Hukuk sistemlerinde mahkemeler arasında uyum niçin önemli? "Alt mahkemeler" bağlayıcılık ilkesine uymamayı seçebilir mi? Anayasa hukukçusu Doç. Dr. Tolga Şirin ile konuşuyoruz.
Bu haftaki programda, şu tür soruları ele aldık:
- Uluslararası hukuk antlaşmalarının parçası olmak, ne demek?
- AİHM'nin ülkemiz yargısı üzerindeki rolünü nasıl anlamalıyız?
- Mahkemeler kendi kararlarında ısrar etme keyfiyet ve yetkisine sahip mi?
- AYM'nin hukuk sistemimiz açısından işlevi ve önemi nedir?
— / —
Konuğumuz Doç. Dr. Tolga Şirin, bu sorulara şöyle yanıt verdi:
“Türkiye'de gündemdeki tartışma Uluslararası Mahkemeler ve Ulusal Mahkemelerin kararlarıyla ilgili ve genelde biz bunu hiyerarşi kavramı ile algılamayız. Anayasa hukukunda veya insan hakları hukukunda yargısal diyalog kavramı vardır. Hiyerarşi denilince çatışmacı bir dil giriyor, sen mi üstünsün ben mi gibi. Bu yaklaşım İnsan hakları hukukunun gelişmeci perspektifine uymaz. Orada esas olan özgürlükler lehine kimin karar vereceği ya da somut özgürlüğü nasıl çözebiliriz sorusudur ve burada da diyalog kurulur.
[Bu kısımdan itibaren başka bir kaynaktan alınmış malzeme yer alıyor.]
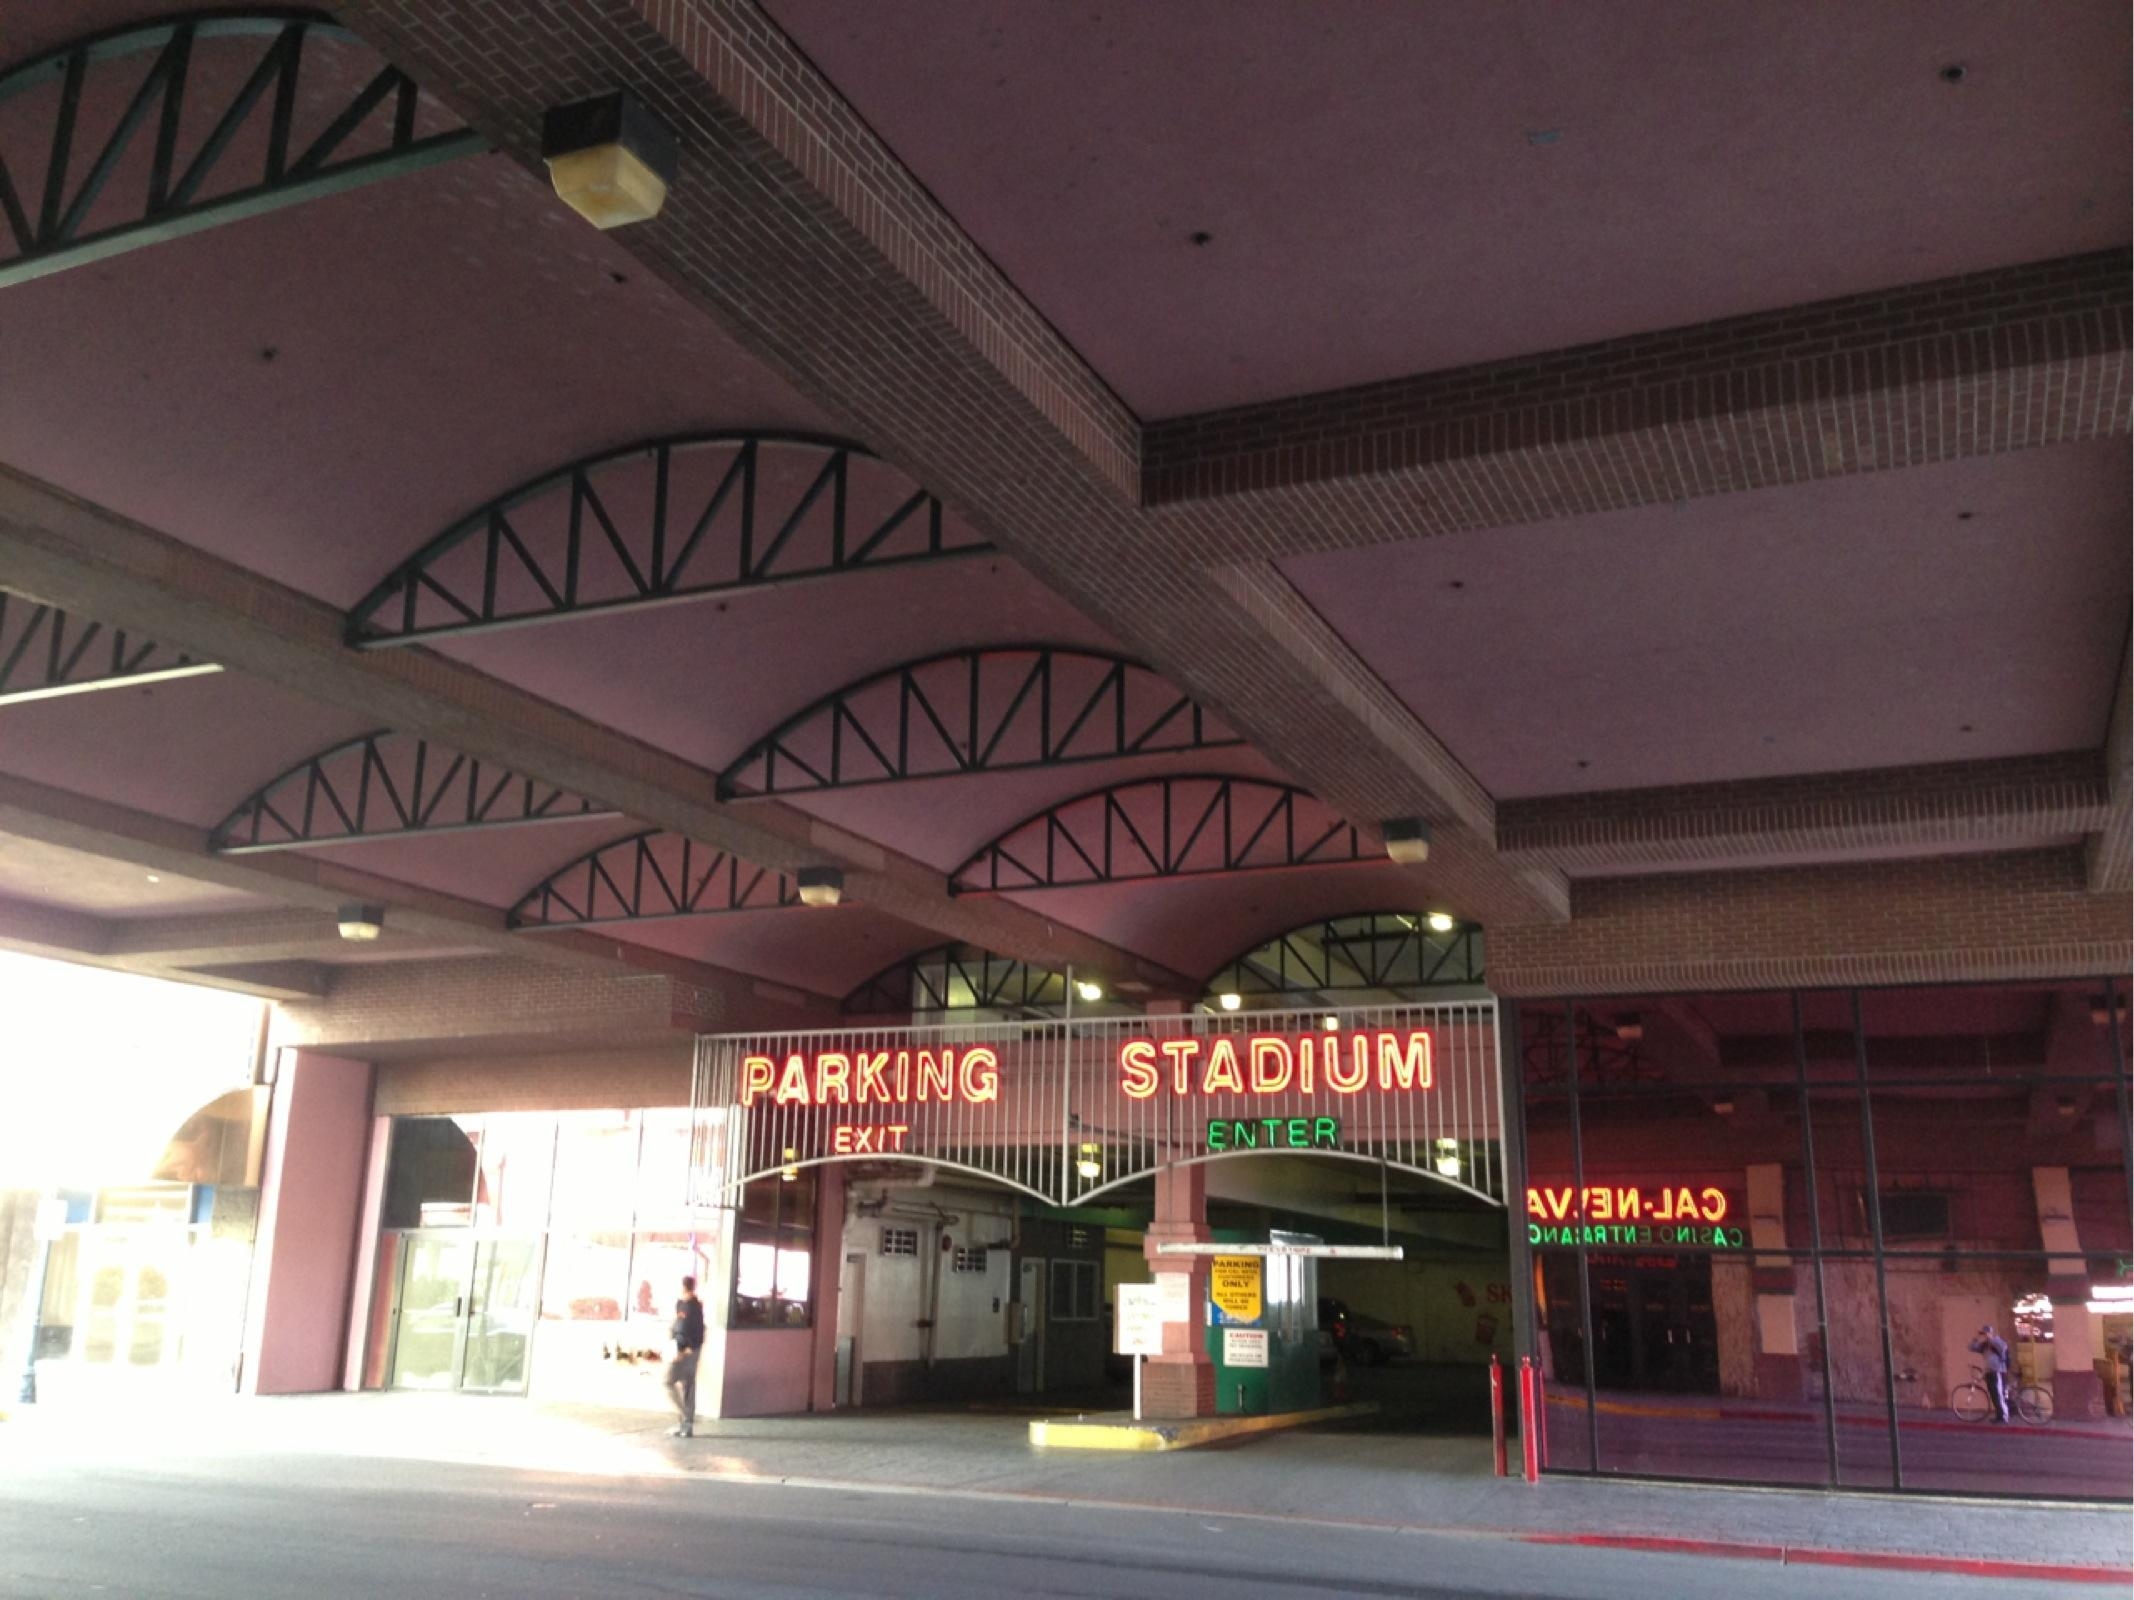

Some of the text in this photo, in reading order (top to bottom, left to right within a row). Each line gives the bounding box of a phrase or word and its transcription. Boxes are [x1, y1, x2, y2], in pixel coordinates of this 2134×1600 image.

Uluslararası mahkemelerin kararları bağlayıcıdır. Türkiye’de ilginç bir tartışma var. Egemenlik yetkisine uluslararası mahkemelerin müdahalesi olduğu savı gibi. Zamanı şaşmış bir egemenlik anlayışı görüyoruz. 2. Dünya Savaşı öncesine ait bir egemenlik anlayışı. Günümüz insan hakları hukukunda egemenliği farklı algılıyoruz. İnsan haklarıyla kayıtlanmış bir egemenlik anlayışının hakim olduğu bir dünyadayız. Türkiye Avrupa İnsan Hakları Sözleşmesine taraf olarak, egemenliğin kayıtsız şartsız millete ait olduğu hükmünü kabul etmekle birlikte, kayıtsız şartsız bir egemenliğin millete ait olmasını kabul etmiyor. Nazi tecrübesi bunu net bir şekilde gösterdi. Sizin çoğunluğun oyunu ve desteğini almış olmanız insan haklarını ortadan kaldırmıyor.”